Photo by Tim Mossholder on Unsplash, edited
Kids are back in school now, but schools are not back to excellence. Our students lag far behind the rest of the world in basic learning, including a dismal ranking in the bottom third in math skills among industrialized nations with whom we compete. Math is a casualty of the Leftist takeover of education, which makes diversity, equity, and inclusion (DEI) more important than teaching basic skills. When schools postpone algebra to the ninth grade, students never complete the basic math they need for a STEM-related job.
In their mindless push for greater diversity, New York Democrats recently dropped the words “math and science” from the name of their once-elite Math & Science Exploratory School in Brooklyn. Test scores at that middle school have plummeted from more than 95% of 7th-graders passing the math exams a half-decade ago to merely 69% passing last year.

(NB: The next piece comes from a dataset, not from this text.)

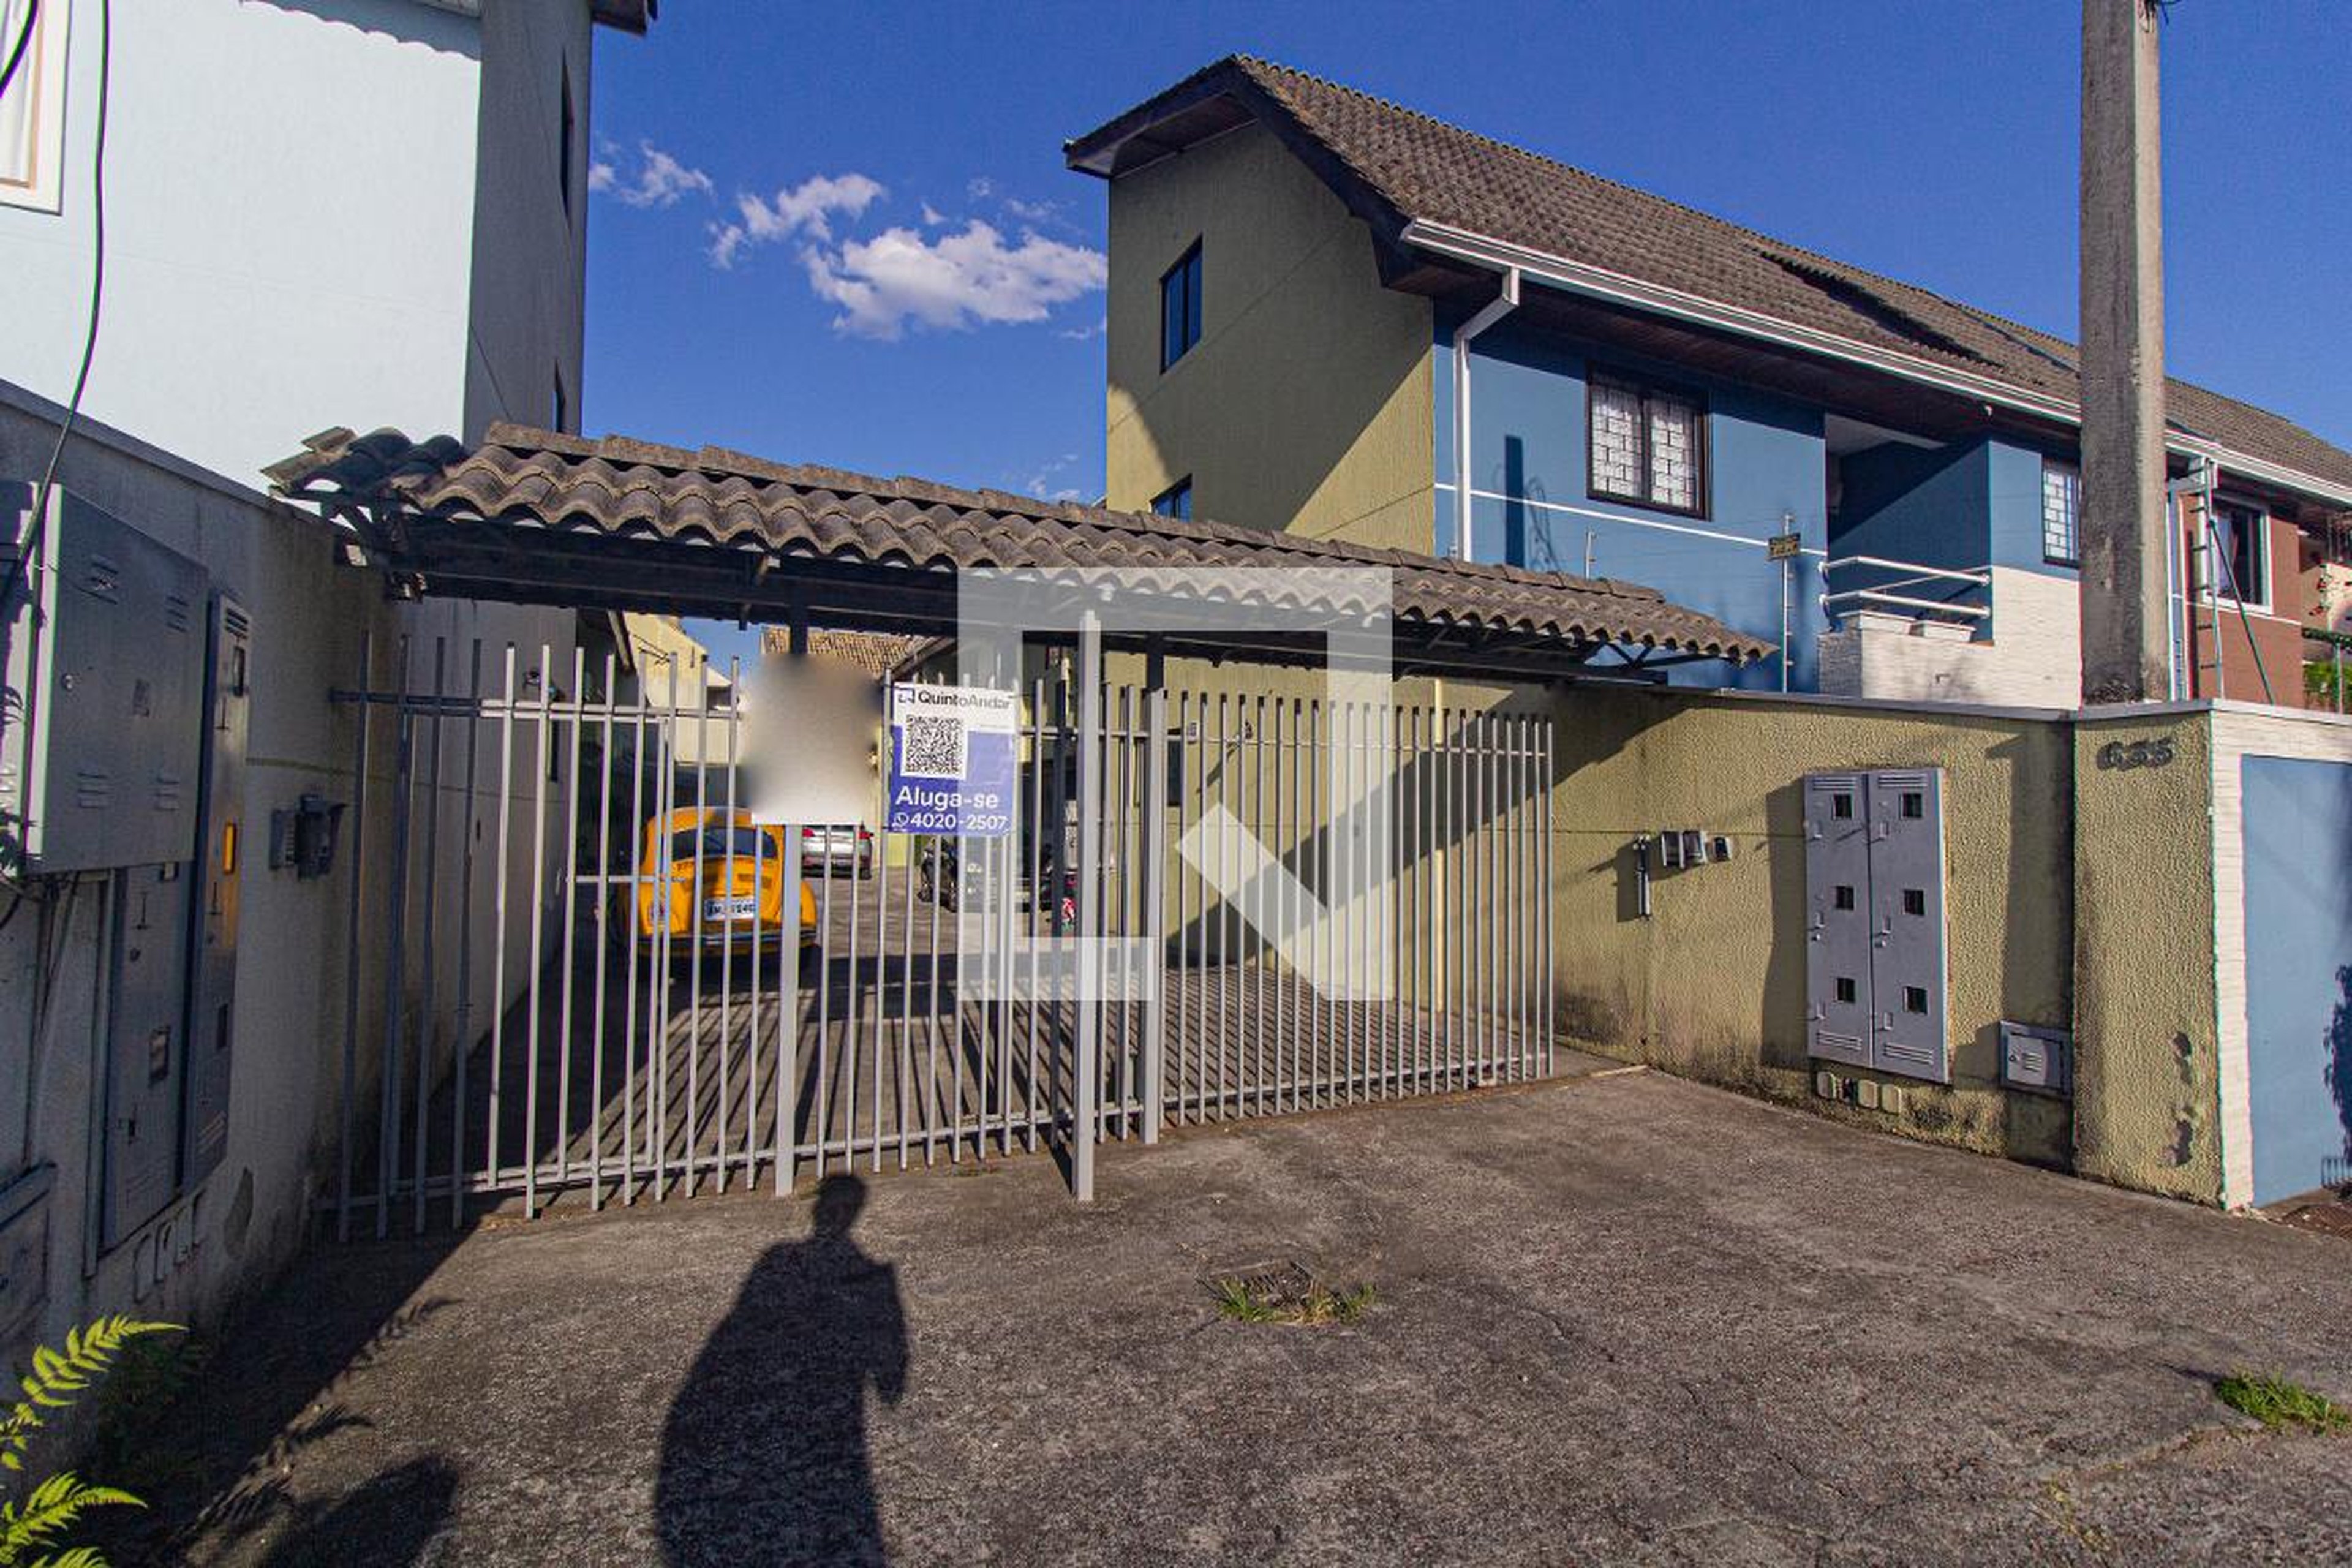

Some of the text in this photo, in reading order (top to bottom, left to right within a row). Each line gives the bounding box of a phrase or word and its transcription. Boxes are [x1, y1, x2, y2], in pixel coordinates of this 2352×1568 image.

[918, 690, 1010, 709] QuintoAndar
[895, 786, 999, 812] Aluga-se
[910, 812, 1008, 830] 4020-2507

The school used to select students based on academic performance, thereby giving families an incentive to compete for admission. But under the DEI approach imposed by New York’s Democrat politicians, the renamed Exploratory School now uses a lottery to select its students, and 52% of accepted students must come from unstable, impoverished, or non-English speaking families.
Math is one of the biggest casualties. The Left disliked how some groups do better at math, particularly advanced math, and this conflicts with the DEI political agenda. Math competitions are usually won by boys, for example, so prizes and awards are not inclusive. The Leftist solution is to eliminate honors and awards, lumping all the kids together in one dumbed-down math program, and the end result is less achievement.
Taking away opportunities for students to excel may create equal outcomes for all, but the problem is that these outcomes are equally dismal. We must allow our nation’s students to have goals worth striving toward, which will make them not only better students, but better citizens as well. In an increasingly STEM-dominated world, creating opportunities in math and science is especially critical.